A free man. Who soon would carry on with his slow courtship, who once again had all the time in the world. Maria would be in need of comfort, and Stefano would be in an ideal position to provide it. If he was smart he would not denigrate Christopher too much ( that scum, he got what was coming to him ) but would be kind, sensitive, entirely forgiving ( what a terrible and unfathomable thing, a man in the prime of his life, no, I couldn’t have wished such a death on anyone ).

And if he was patient, if he was not too pushy (as was his wont, this was his fatal flaw, but perhaps he had learned a thing or two), she would eventually turn to him. Because however insubstantial the affair with Christopher—and for all I knew it had been nothing more than a night, two nights—his death would have left a hole in her life. Where previously there had been the fantasy of love, of escape, the excitement of an unknown man, there was now nothing, a woman could coddle a fantasy for only so long, particularly a dead one.
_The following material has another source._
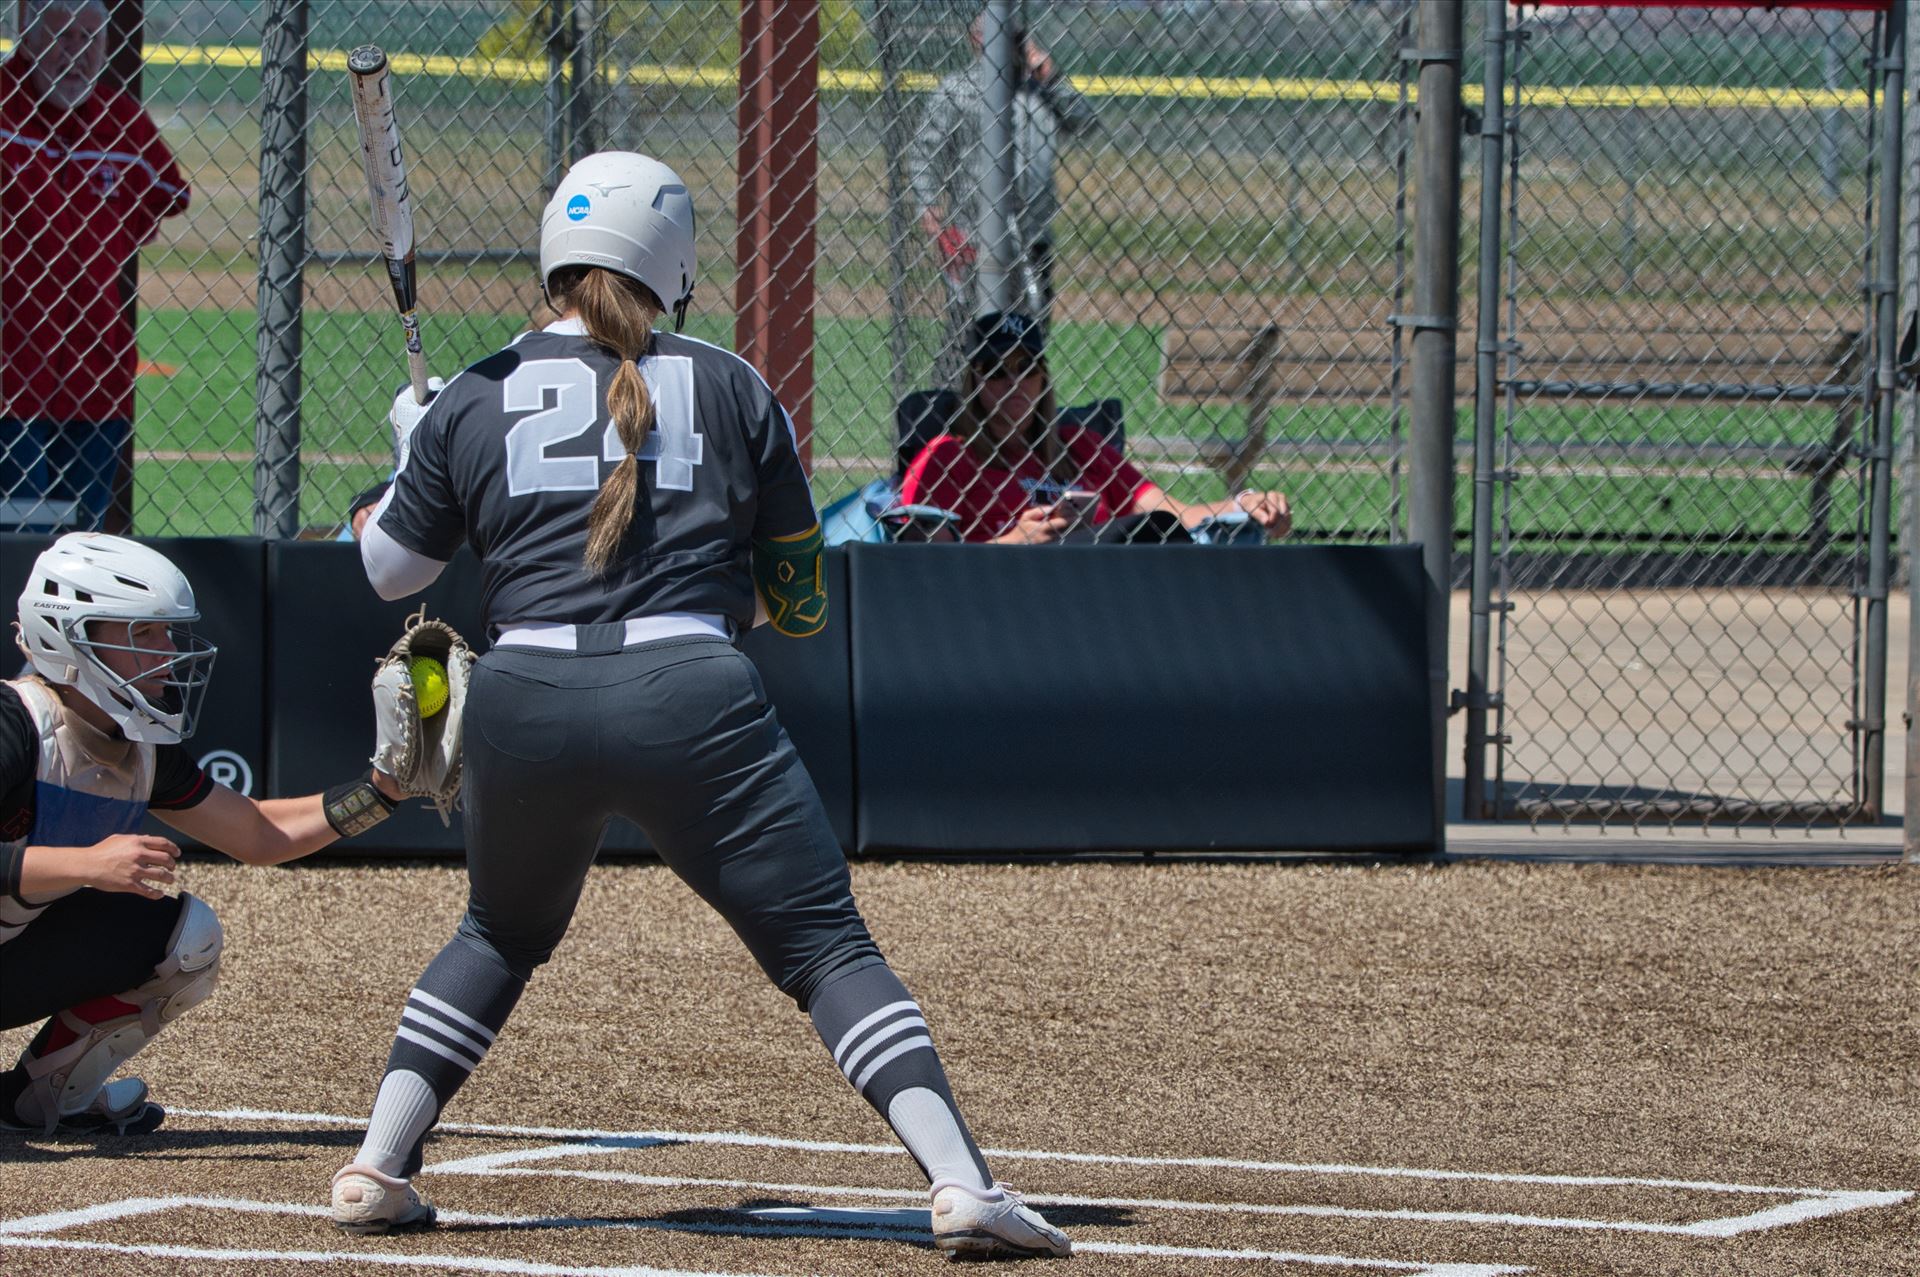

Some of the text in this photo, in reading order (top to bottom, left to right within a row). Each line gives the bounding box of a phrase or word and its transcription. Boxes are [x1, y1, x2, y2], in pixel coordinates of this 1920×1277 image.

And then there would be space for Stefano. Perhaps it would not even take that long—once you had made up your mind, if Maria were to make up her mind, then things progressed very quickly, perhaps that was even why she had been so reluctant, knowing that once she gave in to Stefano, the remainder of her life would be delineated in an instant, the entire future known. She was young, it was only natural that she would fight against such certainty.